■ What you are asked to do ■
Repeat everything in the data exactly except images.

■ Data for this task ■
-----

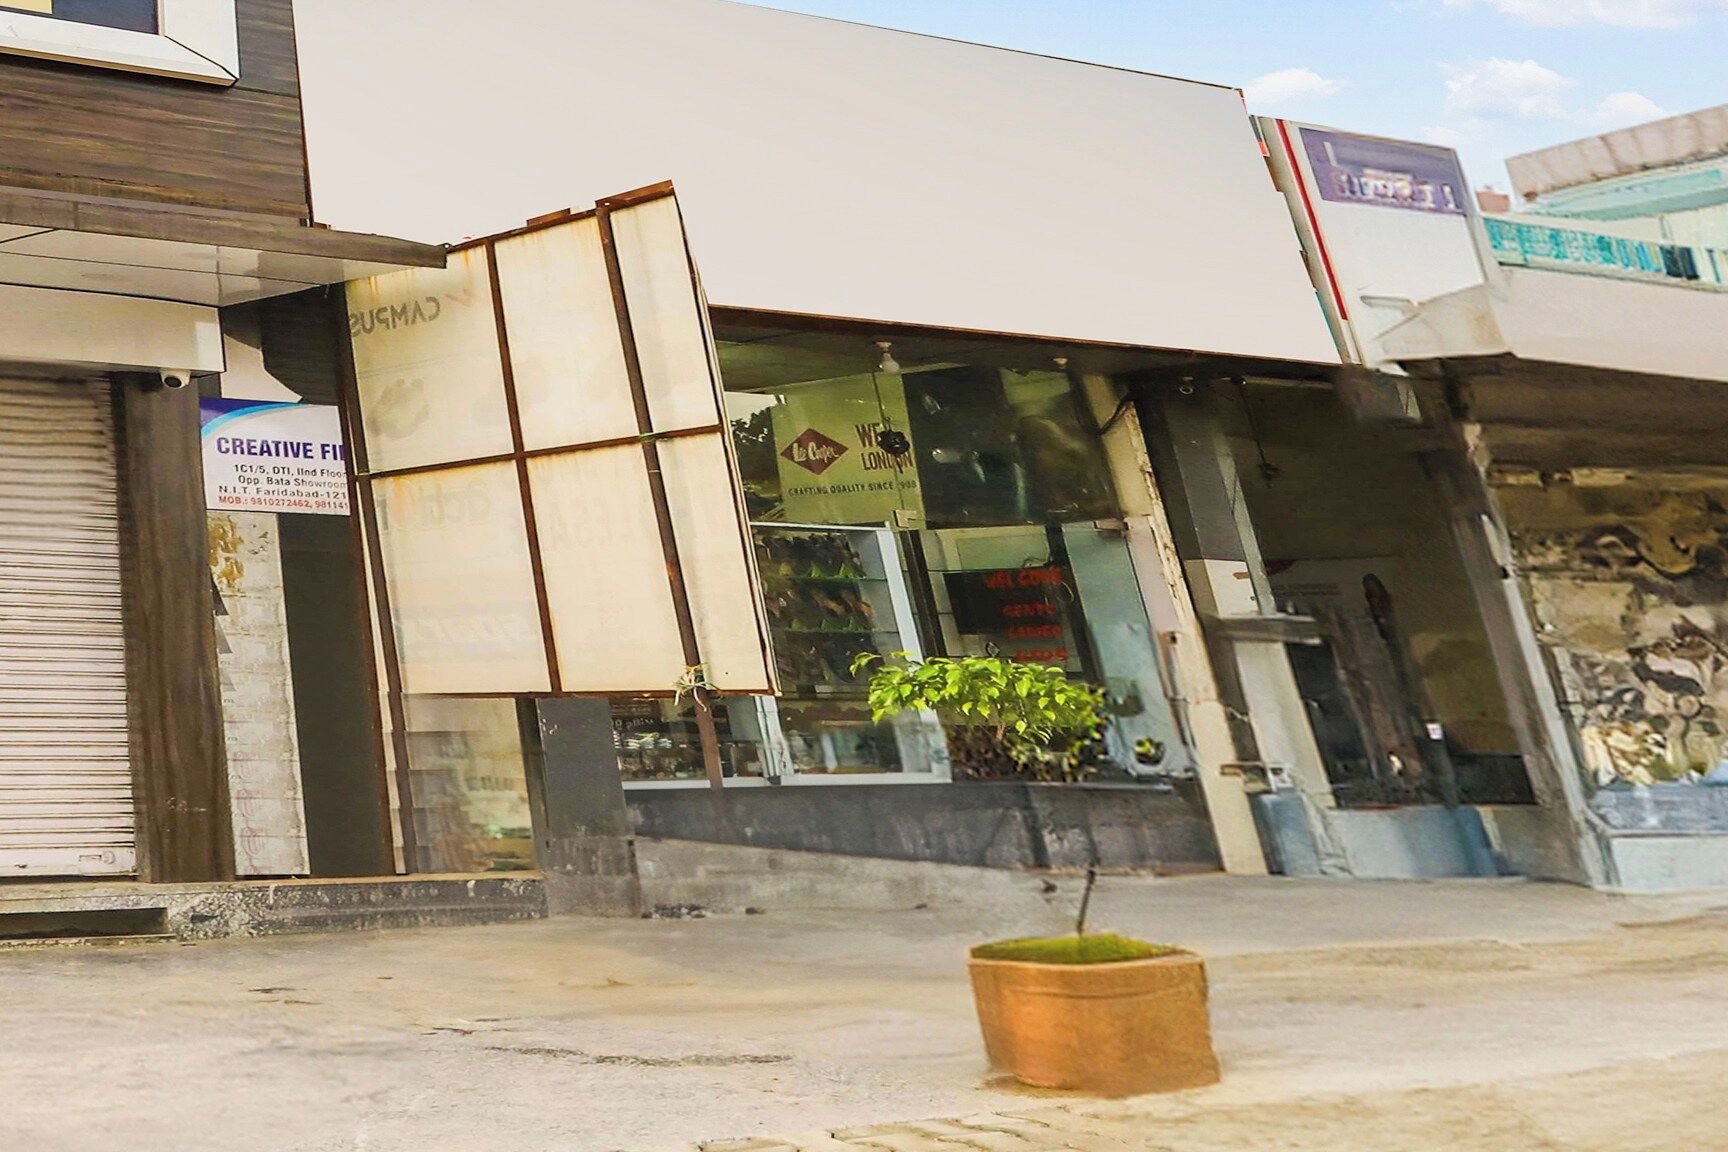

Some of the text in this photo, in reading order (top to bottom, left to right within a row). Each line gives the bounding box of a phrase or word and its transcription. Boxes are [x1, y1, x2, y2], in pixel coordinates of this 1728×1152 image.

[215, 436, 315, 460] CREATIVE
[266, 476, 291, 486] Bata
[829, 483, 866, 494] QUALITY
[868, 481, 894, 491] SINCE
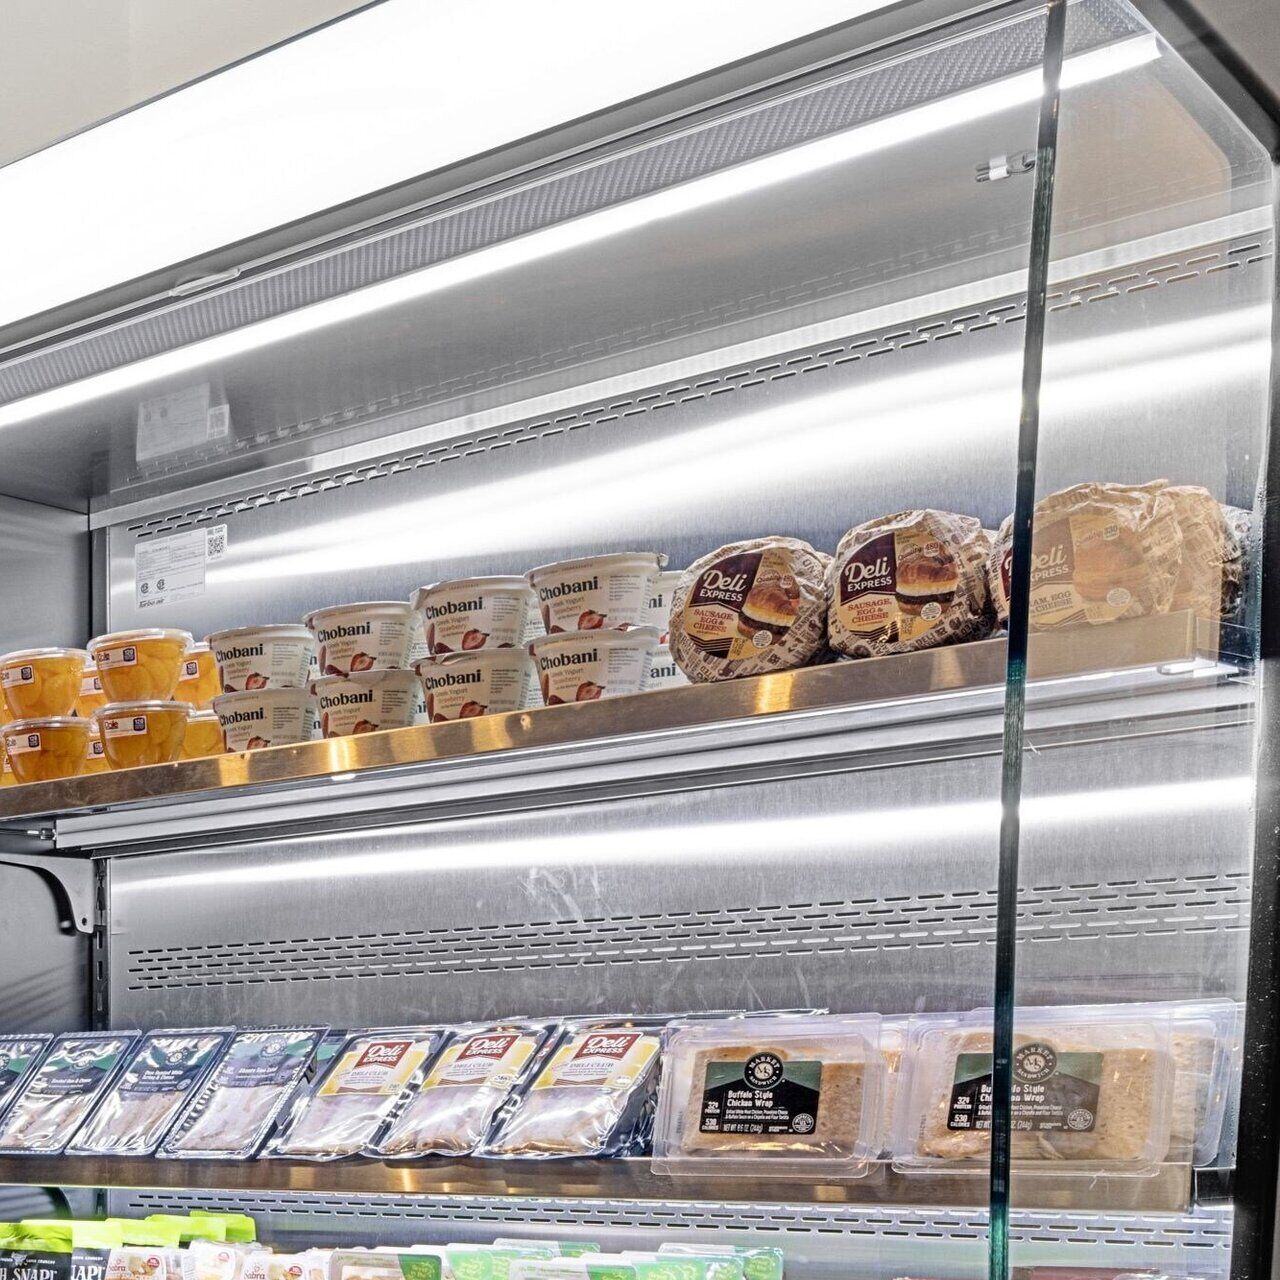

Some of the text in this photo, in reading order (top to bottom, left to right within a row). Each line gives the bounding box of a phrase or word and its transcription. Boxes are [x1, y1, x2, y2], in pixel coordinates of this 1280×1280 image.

-----

■ Problem solution ■
Some of the text in this photo, in reading order (top to bottom, left to right within a row). Each line gives the bounding box of a phrase or word and its transcription. Boxes are [x1, y1, x2, y2], in pixel coordinates of this 1728×1152 image.

[215, 436, 315, 460] CREATIVE
[266, 476, 291, 486] Bata
[829, 483, 866, 494] QUALITY
[868, 481, 894, 491] SINCE

Some of the text in this photo, in reading order (top to bottom, left to right within a row). Each line gives the bounding box of a phrase or word and its transcription. Boxes are [x1, y1, x2, y2], in pixel coordinates of this 1280×1280 image.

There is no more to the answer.